— Task statement —
What is needed is an exact copy of all the records below.

···

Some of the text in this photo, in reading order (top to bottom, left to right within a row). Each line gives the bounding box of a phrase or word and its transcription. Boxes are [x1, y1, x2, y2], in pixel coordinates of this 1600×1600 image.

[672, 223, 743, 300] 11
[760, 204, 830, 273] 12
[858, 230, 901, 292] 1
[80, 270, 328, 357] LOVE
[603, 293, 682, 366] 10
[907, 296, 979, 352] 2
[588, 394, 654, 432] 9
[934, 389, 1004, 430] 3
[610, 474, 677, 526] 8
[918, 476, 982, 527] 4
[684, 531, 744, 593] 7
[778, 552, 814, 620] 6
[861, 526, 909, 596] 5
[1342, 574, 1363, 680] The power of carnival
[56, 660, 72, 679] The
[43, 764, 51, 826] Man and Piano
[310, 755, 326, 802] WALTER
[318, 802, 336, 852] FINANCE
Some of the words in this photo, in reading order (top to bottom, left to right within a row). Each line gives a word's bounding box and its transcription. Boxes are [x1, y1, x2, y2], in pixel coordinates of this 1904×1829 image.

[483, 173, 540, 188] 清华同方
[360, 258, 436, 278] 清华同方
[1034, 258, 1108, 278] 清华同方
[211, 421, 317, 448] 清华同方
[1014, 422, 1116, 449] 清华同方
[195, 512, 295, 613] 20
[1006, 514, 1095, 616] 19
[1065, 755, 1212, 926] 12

···

— Result below —
Some of the text in this photo, in reading order (top to bottom, left to right within a row). Each line gives the bounding box of a phrase or word and its transcription. Boxes are [x1, y1, x2, y2], in pixel coordinates of this 1600×1600 image.

[672, 223, 743, 300] 11
[760, 204, 830, 273] 12
[858, 230, 901, 292] 1
[80, 270, 328, 357] LOVE
[603, 293, 682, 366] 10
[907, 296, 979, 352] 2
[588, 394, 654, 432] 9
[934, 389, 1004, 430] 3
[610, 474, 677, 526] 8
[918, 476, 982, 527] 4
[684, 531, 744, 593] 7
[778, 552, 814, 620] 6
[861, 526, 909, 596] 5
[1342, 574, 1363, 680] The power of carnival
[56, 660, 72, 679] The
[43, 764, 51, 826] Man and Piano
[310, 755, 326, 802] WALTER
[318, 802, 336, 852] FINANCE
Some of the words in this photo, in reading order (top to bottom, left to right within a row). Each line gives a word's bounding box and its transcription. Boxes are [x1, y1, x2, y2], in pixel coordinates of this 1904×1829 image.

[483, 173, 540, 188] 清华同方
[360, 258, 436, 278] 清华同方
[1034, 258, 1108, 278] 清华同方
[211, 421, 317, 448] 清华同方
[1014, 422, 1116, 449] 清华同方
[195, 512, 295, 613] 20
[1006, 514, 1095, 616] 19
[1065, 755, 1212, 926] 12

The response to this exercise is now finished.